Hi! ! ! ! Thanks for your Channel! ! ! What if the stimulant response associated with glutamate predominates in a disorderly, erratic and disseminated way when using psychedelics? How is that response controlled? Thanks! ! ! Paula Bustamante.
If a psychedelic binds to a 5-HT2A receptor and causes more glutmate to fire and more AMPA receptors to be recruited, is that then what they call Long term potentiation (LTP)?
Dear Manesh. Thank your for your scientific contribution. I have a technical question to ask: According to what you explained, since the most activated receptor by psychedelic is the 5-HT2a, the result is the increase of excitatory neurotransmitter glutamate release (predominant to Gaba). Consequently the net effect is the increase of neurons activation in the brain. In this regard, I wonder whether the iperattivation of Ampa receptors and the amplification of glutamate signals, could represent an hazard for people suffering from psychiatric and neurological diseases related to an iperattivation of glutamatergic neurotransmission. Thank you.

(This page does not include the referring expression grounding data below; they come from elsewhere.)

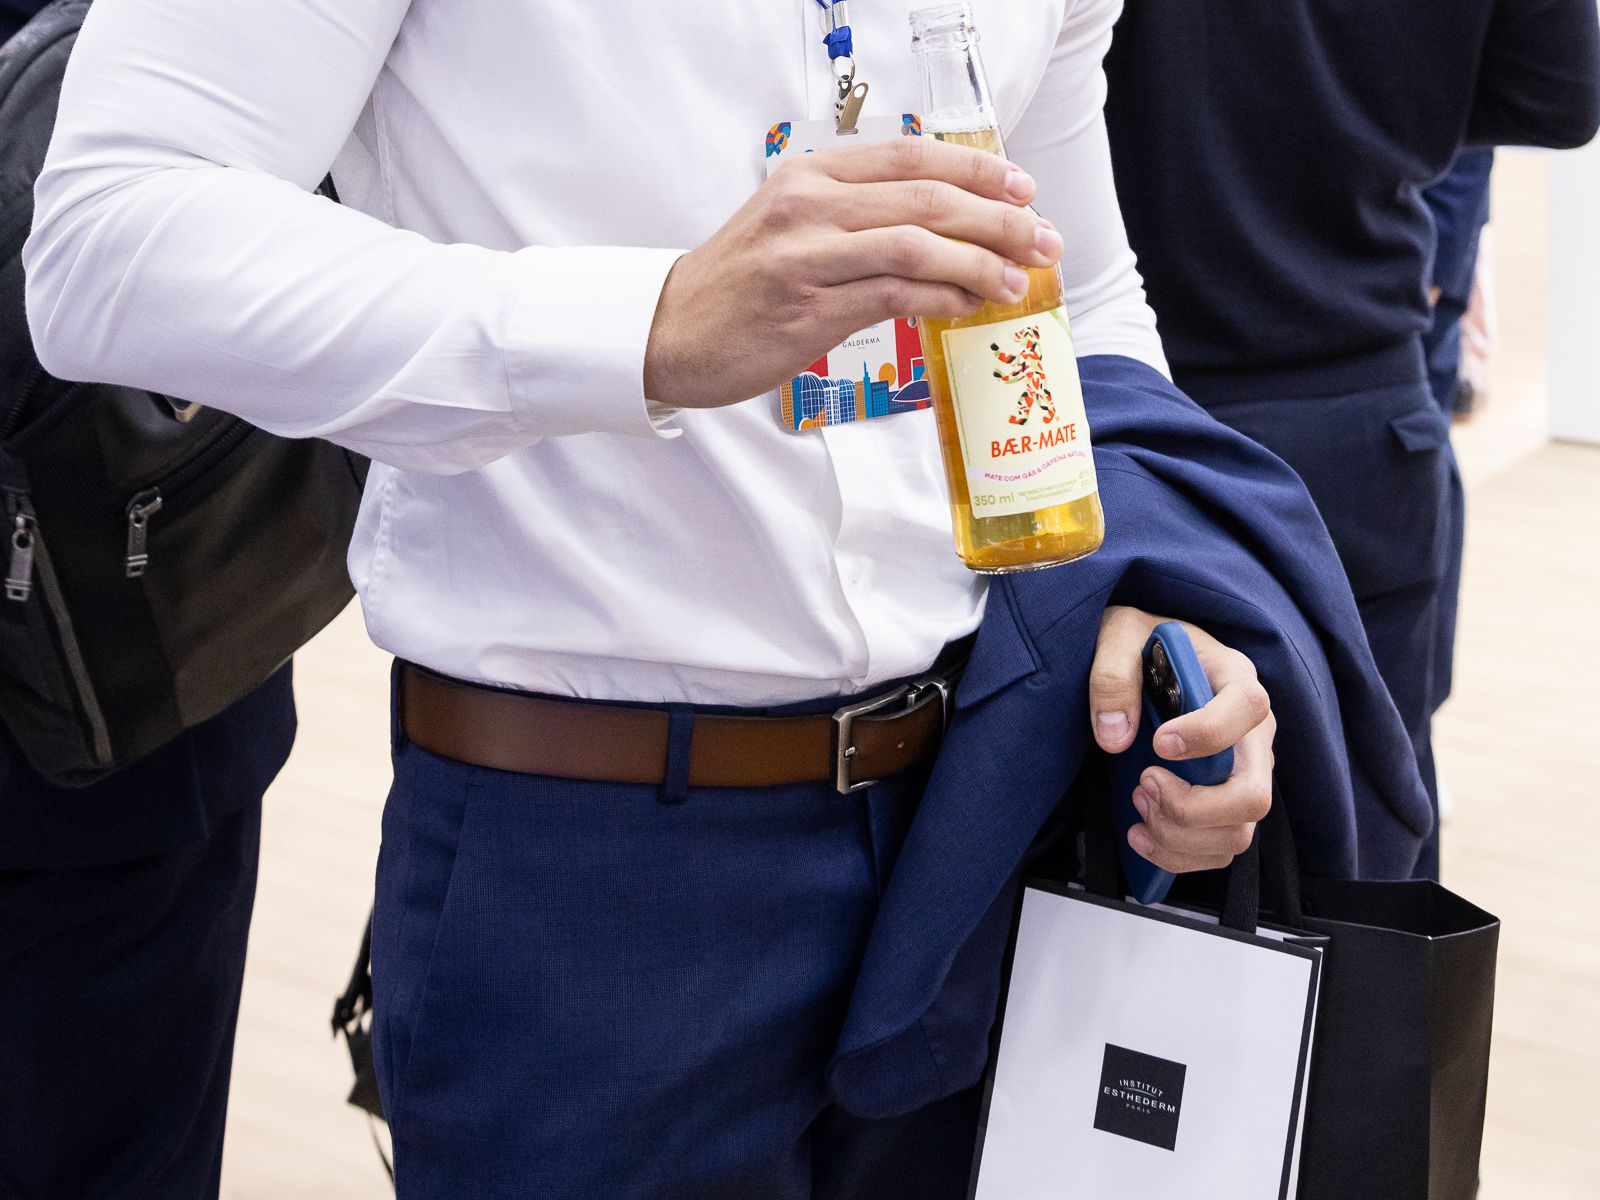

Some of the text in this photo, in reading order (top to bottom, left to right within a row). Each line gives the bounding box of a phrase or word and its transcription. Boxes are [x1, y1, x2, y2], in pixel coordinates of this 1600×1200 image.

[842, 337, 881, 348] GALDERMA
[984, 472, 1002, 481] MATE
[974, 494, 996, 506] 350
[1000, 492, 1015, 504] ml
[1119, 1079, 1163, 1097] INSTITUT
[1104, 1086, 1176, 1113] ESTHEDERM
[1126, 1103, 1151, 1114] PARIS

Hi Davide. This is a really good question. I assume you are primarily referring to the possibility of inducing seizures via over excitation of glutamatergic transmission. Interestingly, psychedelics are not known to induce seizures. This is very likely due to two things: (1) the simultaneous effects on GABA attenuates and manages this increased activity and prevents it from spreading uncontrollably and (2) the classic psychedelics all also strongly affect 5-HT1A receptors, which have an inhibitory effect on neuron activity and which counter the effects of 5-HT2A agonism. So there appear to be checks and balances in place which prevent psychedelics from inducing too much glutamatergic stimulation.
hi = I cant find part 2 of this video, its really important for me to get this now you have my full interest and my full attention! that aside, you are a talentented dude. Very useful to me, and for my job. thanks.